> What is being asked
All of the data should be restated word for word, with the pictures omitted.
+++ Dataset entries +++
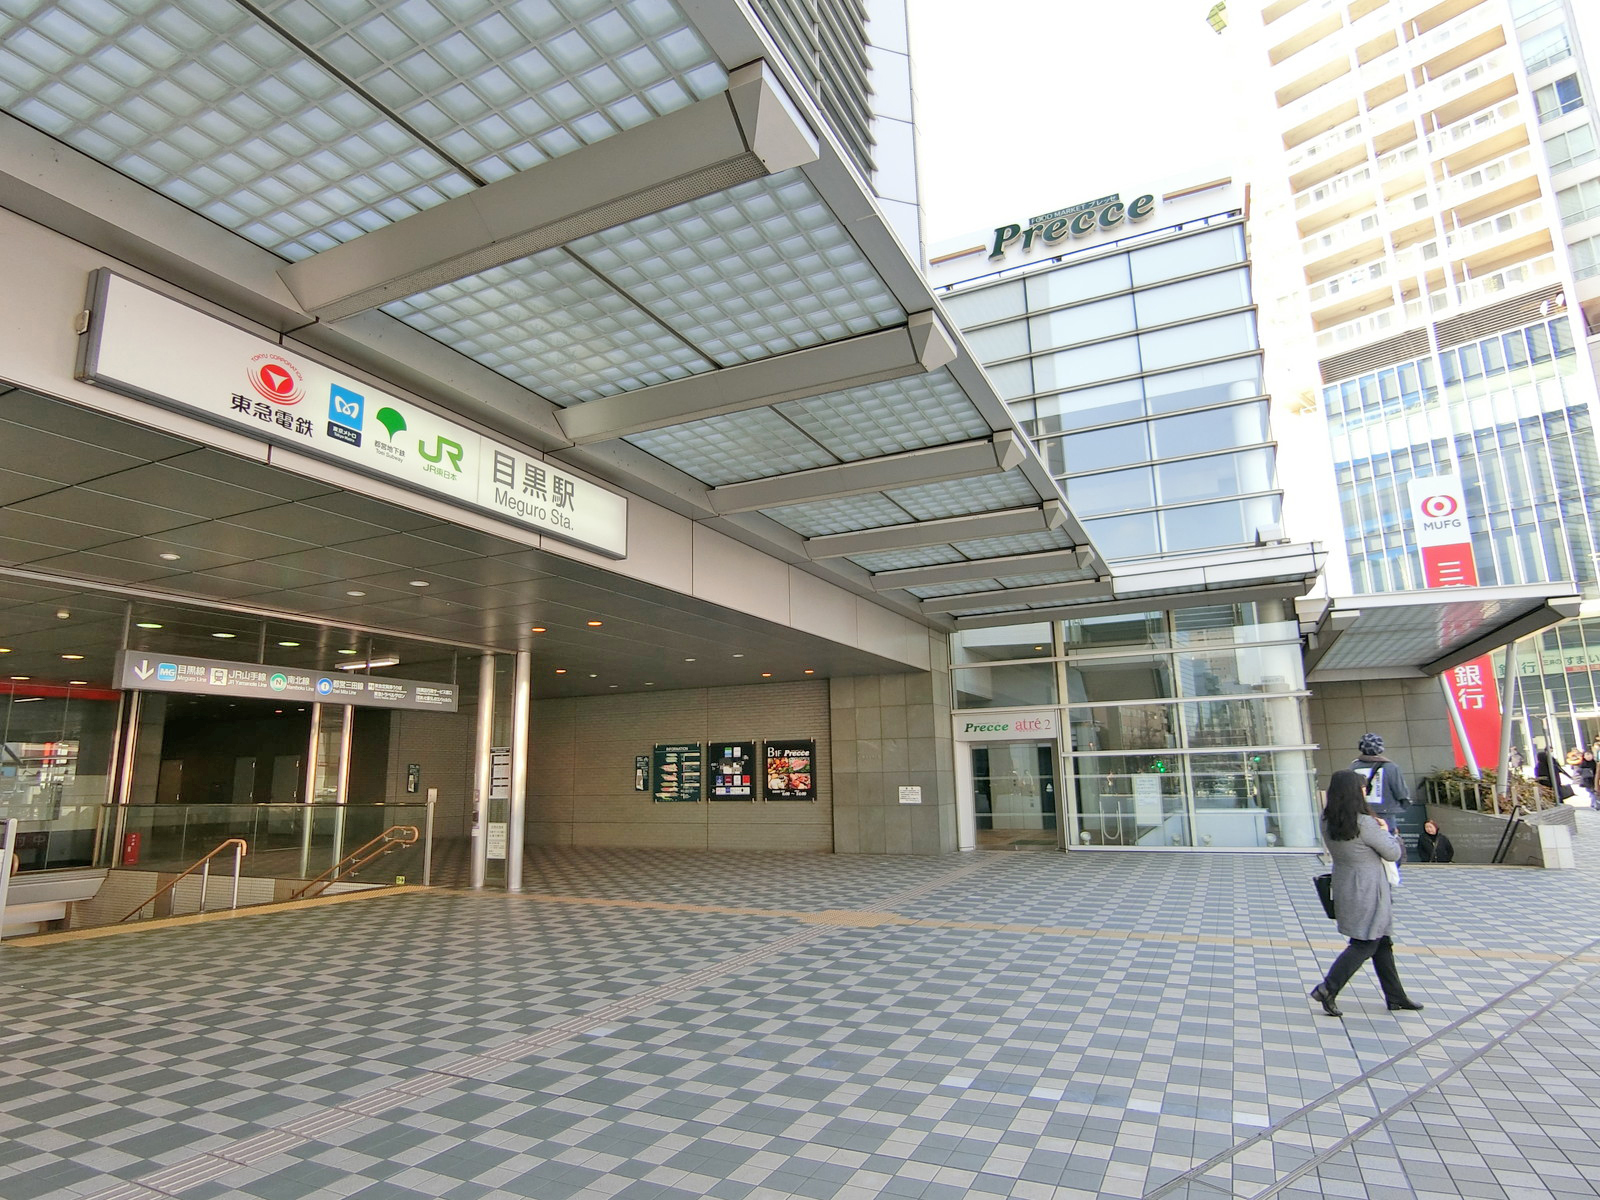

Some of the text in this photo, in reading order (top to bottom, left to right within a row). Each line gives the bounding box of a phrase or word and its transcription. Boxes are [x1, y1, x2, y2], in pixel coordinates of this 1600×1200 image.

[1031, 214, 1052, 224] FOOD
[1054, 204, 1087, 217] MARKET
[988, 194, 1154, 261] Precce
[251, 353, 304, 381] TOKYU CORPORATION
[230, 392, 314, 438] 東急電鉄
[332, 425, 357, 439] 東京メトロ
[374, 440, 406, 457] 都営地下鉄
[376, 448, 404, 463] Toei Subway
[418, 435, 464, 473] JR
[422, 464, 458, 481] JR東日本
[493, 450, 575, 512] 目黒駅
[495, 487, 574, 531] Meguro Sta.
[1424, 519, 1461, 531] MUFG
[159, 668, 176, 676] MG
[177, 664, 206, 676] 目黒線
[228, 669, 267, 681] JR山手線
[177, 675, 195, 683] Meguro
[287, 676, 310, 685] 南北線
[333, 680, 364, 690] 都営三田線
[1454, 664, 1485, 709] 銀行
[964, 718, 1051, 733] Precce atré 2
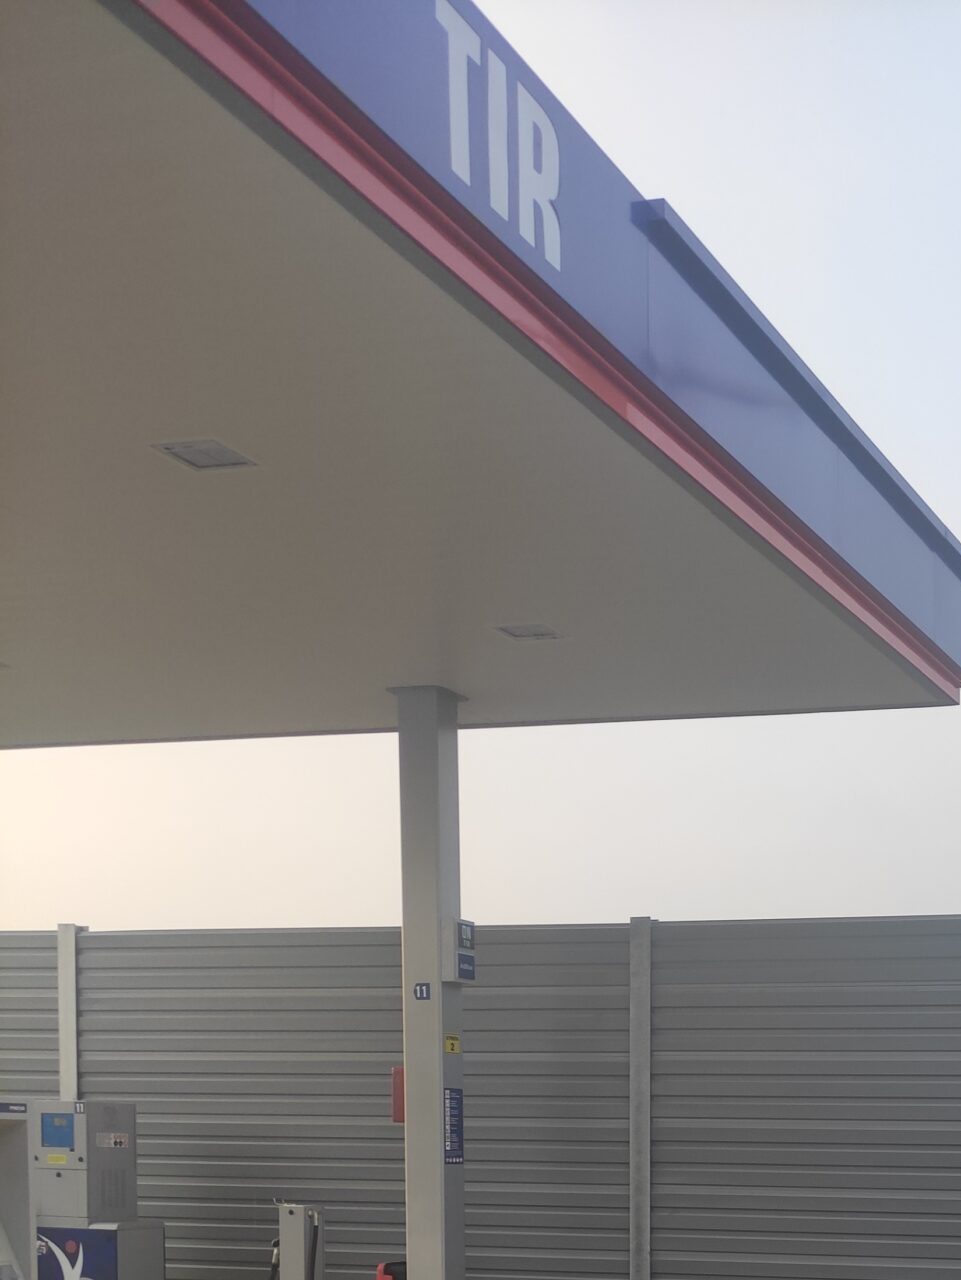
+++
> Finished task
Some of the text in this photo, in reading order (top to bottom, left to right within a row). Each line gives the bounding box of a phrase or word and its transcription. Boxes are [x1, y1, x2, y2], in pixel coordinates of this 1600×1200 image.

[1031, 214, 1052, 224] FOOD
[1054, 204, 1087, 217] MARKET
[988, 194, 1154, 261] Precce
[251, 353, 304, 381] TOKYU CORPORATION
[230, 392, 314, 438] 東急電鉄
[332, 425, 357, 439] 東京メトロ
[374, 440, 406, 457] 都営地下鉄
[376, 448, 404, 463] Toei Subway
[418, 435, 464, 473] JR
[422, 464, 458, 481] JR東日本
[493, 450, 575, 512] 目黒駅
[495, 487, 574, 531] Meguro Sta.
[1424, 519, 1461, 531] MUFG
[159, 668, 176, 676] MG
[177, 664, 206, 676] 目黒線
[228, 669, 267, 681] JR山手線
[177, 675, 195, 683] Meguro
[287, 676, 310, 685] 南北線
[333, 680, 364, 690] 都営三田線
[1454, 664, 1485, 709] 銀行
[964, 718, 1051, 733] Precce atré 2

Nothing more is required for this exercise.